What I would like to do is to perform a test that checks the efficacy of the heat-sink to rule out the heat sink (or TIM or seating) as a problem. One way to do this is to re-apply another "known-good" heat sink and retest, but that is dependent on operator skill for repeatability, and has other manufacturing workflow problems.

Here's an idea for measuring the effectiveness of the heat sink, I'd like to get some input on whether it will be a good idea and/or what would be a better way to test this.

  • The device has a "textbook" heat-up/cool-down curve that fits nicely to RC-time-constant. In the plot below, I have the device starting at "idle" then I make the device "do its job" in a functional test and then turn off the function after 5 minutes. typical RC-time constant heat-up/cool-down

  • I am most interested in the cooling curve because when it starts to cool, I know that the core-part of the IC is no longer generating heat.

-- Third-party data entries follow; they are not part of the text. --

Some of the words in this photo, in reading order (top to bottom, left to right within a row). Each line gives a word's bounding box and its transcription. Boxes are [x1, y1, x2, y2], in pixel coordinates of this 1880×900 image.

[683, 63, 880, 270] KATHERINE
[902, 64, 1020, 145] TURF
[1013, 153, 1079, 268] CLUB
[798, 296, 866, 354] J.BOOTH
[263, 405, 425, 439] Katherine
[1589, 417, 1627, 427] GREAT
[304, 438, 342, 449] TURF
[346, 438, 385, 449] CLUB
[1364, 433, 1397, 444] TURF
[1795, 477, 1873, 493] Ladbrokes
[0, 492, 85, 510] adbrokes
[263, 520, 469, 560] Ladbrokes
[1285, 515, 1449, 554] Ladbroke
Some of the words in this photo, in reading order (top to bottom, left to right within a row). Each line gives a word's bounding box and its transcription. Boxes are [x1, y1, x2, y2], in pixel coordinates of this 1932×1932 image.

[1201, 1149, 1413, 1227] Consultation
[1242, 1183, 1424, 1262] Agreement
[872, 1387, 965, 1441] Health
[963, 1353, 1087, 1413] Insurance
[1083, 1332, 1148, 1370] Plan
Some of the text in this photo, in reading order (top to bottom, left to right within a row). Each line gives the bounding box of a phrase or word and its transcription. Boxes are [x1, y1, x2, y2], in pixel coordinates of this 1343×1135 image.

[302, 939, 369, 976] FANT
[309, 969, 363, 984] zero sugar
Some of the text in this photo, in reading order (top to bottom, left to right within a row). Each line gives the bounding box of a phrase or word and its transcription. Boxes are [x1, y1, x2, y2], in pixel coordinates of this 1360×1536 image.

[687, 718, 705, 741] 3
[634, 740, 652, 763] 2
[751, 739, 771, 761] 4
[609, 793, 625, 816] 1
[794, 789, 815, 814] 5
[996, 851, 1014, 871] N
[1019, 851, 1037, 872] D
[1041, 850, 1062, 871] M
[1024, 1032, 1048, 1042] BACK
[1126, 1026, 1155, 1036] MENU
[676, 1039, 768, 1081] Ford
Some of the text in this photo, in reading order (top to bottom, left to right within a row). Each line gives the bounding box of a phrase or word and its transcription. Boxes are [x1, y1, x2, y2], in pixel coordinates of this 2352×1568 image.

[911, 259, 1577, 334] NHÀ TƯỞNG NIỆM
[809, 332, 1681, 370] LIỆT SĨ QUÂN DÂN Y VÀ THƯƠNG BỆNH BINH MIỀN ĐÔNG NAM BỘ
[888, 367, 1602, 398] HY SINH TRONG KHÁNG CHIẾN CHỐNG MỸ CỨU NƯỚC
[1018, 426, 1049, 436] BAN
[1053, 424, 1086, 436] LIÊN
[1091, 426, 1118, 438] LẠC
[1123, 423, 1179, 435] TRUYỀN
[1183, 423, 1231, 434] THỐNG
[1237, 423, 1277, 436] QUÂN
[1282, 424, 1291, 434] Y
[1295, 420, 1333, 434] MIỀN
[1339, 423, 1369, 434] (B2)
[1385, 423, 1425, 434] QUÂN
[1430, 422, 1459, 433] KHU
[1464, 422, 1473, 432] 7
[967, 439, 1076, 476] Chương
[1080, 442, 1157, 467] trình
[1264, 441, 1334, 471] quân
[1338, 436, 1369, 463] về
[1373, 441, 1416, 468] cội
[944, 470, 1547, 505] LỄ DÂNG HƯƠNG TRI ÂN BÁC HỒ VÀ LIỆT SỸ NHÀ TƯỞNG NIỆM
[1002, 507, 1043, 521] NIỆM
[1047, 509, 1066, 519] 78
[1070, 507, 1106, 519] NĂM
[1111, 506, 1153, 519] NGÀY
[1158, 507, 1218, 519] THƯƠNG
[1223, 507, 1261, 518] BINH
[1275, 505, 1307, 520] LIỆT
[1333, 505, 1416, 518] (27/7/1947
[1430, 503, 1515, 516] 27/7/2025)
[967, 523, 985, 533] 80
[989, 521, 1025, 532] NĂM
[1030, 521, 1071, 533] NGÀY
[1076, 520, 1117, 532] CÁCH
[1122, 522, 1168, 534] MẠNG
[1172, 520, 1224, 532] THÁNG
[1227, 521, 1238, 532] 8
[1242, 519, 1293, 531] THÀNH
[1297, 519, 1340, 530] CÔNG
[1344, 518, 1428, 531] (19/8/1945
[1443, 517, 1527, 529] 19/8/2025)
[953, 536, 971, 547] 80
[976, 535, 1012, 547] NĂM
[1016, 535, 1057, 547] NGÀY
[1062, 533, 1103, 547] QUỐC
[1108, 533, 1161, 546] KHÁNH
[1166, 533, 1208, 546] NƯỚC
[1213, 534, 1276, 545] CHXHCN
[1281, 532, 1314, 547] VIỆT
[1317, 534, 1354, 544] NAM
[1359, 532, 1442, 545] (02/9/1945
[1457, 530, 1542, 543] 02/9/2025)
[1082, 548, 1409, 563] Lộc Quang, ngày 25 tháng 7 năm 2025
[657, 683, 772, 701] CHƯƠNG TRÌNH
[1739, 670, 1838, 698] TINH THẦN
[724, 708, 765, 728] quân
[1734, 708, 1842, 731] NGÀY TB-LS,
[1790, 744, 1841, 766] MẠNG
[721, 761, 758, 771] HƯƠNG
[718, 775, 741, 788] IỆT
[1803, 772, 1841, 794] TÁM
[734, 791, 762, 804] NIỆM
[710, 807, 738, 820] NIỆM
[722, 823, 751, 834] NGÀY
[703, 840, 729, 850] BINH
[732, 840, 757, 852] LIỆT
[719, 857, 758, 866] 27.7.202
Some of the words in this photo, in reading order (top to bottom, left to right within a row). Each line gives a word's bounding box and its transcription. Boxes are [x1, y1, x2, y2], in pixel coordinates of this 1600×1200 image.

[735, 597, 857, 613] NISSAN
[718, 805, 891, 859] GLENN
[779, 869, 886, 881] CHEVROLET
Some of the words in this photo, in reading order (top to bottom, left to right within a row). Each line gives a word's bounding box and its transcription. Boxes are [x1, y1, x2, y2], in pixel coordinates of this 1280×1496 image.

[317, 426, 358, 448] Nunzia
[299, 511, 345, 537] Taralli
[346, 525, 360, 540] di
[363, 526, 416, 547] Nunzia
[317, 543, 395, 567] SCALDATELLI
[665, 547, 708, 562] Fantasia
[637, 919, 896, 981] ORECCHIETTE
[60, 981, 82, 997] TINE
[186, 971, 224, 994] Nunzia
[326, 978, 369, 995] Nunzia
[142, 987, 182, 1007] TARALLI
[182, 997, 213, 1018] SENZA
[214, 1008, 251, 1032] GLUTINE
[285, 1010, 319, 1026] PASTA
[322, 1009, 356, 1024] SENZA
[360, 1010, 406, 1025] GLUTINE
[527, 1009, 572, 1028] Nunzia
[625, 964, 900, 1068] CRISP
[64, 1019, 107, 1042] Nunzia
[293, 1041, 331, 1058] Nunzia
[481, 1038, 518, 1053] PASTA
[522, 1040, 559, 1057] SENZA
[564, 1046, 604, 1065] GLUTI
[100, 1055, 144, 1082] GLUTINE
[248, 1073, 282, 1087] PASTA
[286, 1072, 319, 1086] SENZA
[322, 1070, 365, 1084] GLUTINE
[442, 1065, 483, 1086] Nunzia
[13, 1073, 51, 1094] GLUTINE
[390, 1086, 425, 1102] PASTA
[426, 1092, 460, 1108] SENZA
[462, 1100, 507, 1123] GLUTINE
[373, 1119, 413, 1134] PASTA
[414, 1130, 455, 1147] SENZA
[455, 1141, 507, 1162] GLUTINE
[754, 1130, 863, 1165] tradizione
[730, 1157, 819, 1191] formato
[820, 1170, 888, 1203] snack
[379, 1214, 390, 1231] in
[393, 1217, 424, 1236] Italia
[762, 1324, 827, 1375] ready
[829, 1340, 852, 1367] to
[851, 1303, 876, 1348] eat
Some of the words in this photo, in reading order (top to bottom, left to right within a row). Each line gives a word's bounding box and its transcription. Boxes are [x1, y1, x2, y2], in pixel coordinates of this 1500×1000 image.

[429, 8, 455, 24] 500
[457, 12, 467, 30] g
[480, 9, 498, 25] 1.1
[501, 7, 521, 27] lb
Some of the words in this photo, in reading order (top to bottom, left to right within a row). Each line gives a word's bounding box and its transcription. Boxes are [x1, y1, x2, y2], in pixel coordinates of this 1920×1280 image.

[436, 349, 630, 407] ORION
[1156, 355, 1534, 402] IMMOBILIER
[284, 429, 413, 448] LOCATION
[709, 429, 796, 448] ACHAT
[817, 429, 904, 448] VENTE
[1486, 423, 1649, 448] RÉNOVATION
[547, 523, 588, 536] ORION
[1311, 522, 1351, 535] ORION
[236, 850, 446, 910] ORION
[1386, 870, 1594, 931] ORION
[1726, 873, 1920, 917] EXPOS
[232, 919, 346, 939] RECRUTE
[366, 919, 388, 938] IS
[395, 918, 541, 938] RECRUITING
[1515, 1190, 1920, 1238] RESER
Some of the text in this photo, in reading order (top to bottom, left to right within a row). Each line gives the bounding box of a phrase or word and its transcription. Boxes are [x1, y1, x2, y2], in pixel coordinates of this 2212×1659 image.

The cooling curve is just the package cooling down through the heatsink and PCB. I assume that the heatsink dominates the heat transfer especially early on. In other words, the cooling curve is a measure of the cooling performance of the heat sink and not much else. Moreover the other variables across tests have less variation than the heatsink (eg cooling through PCB).

  • When I normalize the curves to range between zero and one, set the time origin to onset of cooling and look only at the first 80 seconds of cooling, I get nice straight lines in a log plot. Time constant in a cool-running device is 36s with standard deviation <5% over a dozen runs. Time constant in a device where the heat sink has been deliberately impaired to run a few degrees hot was 39s with similar standard deviation.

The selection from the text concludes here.